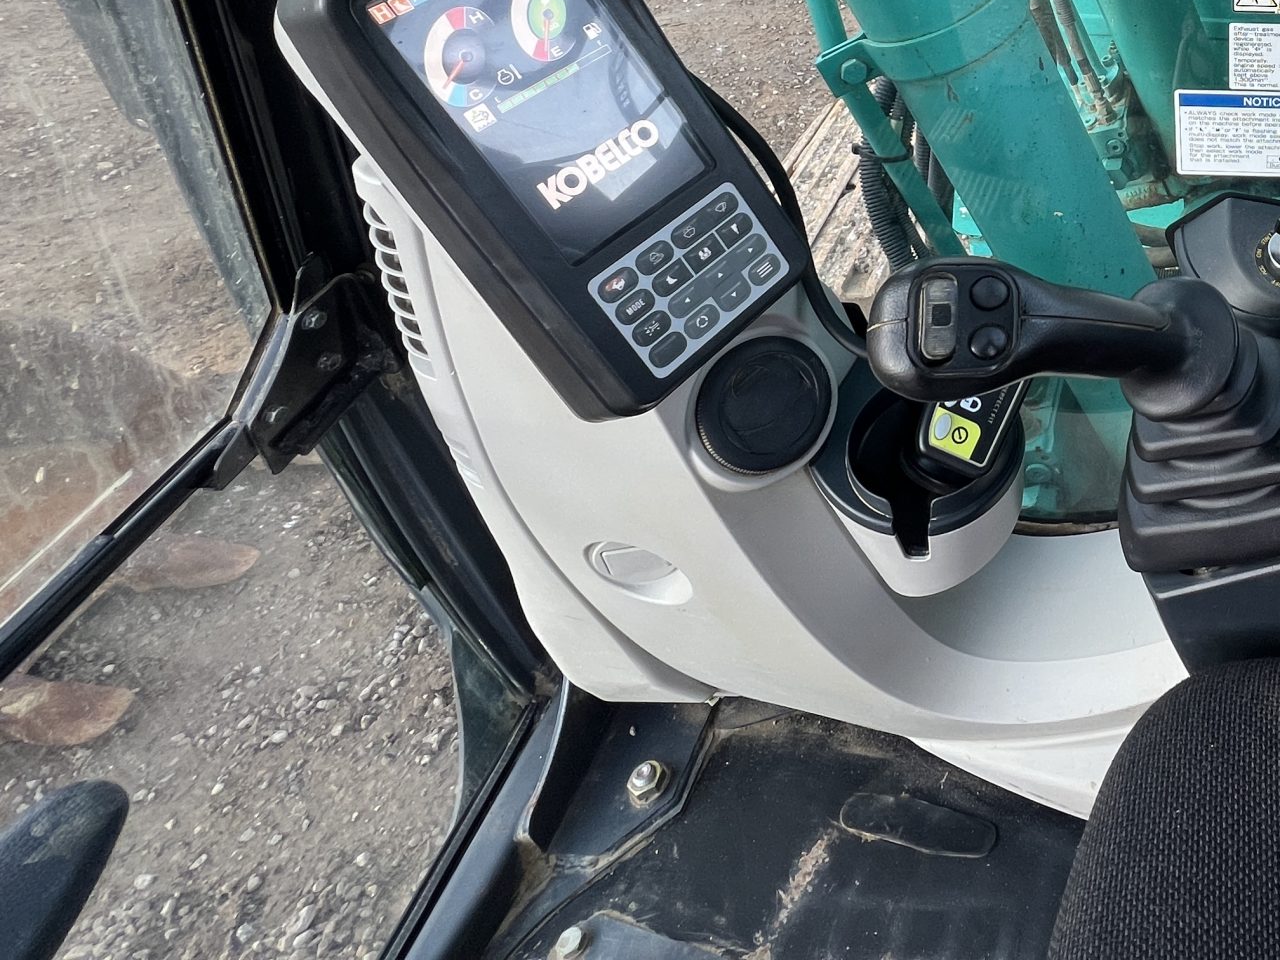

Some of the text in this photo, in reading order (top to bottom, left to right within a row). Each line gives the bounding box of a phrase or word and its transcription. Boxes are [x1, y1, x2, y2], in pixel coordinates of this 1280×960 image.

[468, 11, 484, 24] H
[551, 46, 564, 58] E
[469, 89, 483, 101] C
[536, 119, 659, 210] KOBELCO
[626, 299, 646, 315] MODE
━━━━━━━━
* [Your goal]
Write the listing out exactly, apart from its pictures.

* [Solution to the problem]
Some of the text in this photo, in reading order (top to bottom, left to right within a row). Each line gives the bounding box of a phrase or word and its transcription. Boxes are [x1, y1, x2, y2], in pixel coordinates of this 1280×960 image.

[468, 11, 484, 24] H
[551, 46, 564, 58] E
[469, 89, 483, 101] C
[536, 119, 659, 210] KOBELCO
[626, 299, 646, 315] MODE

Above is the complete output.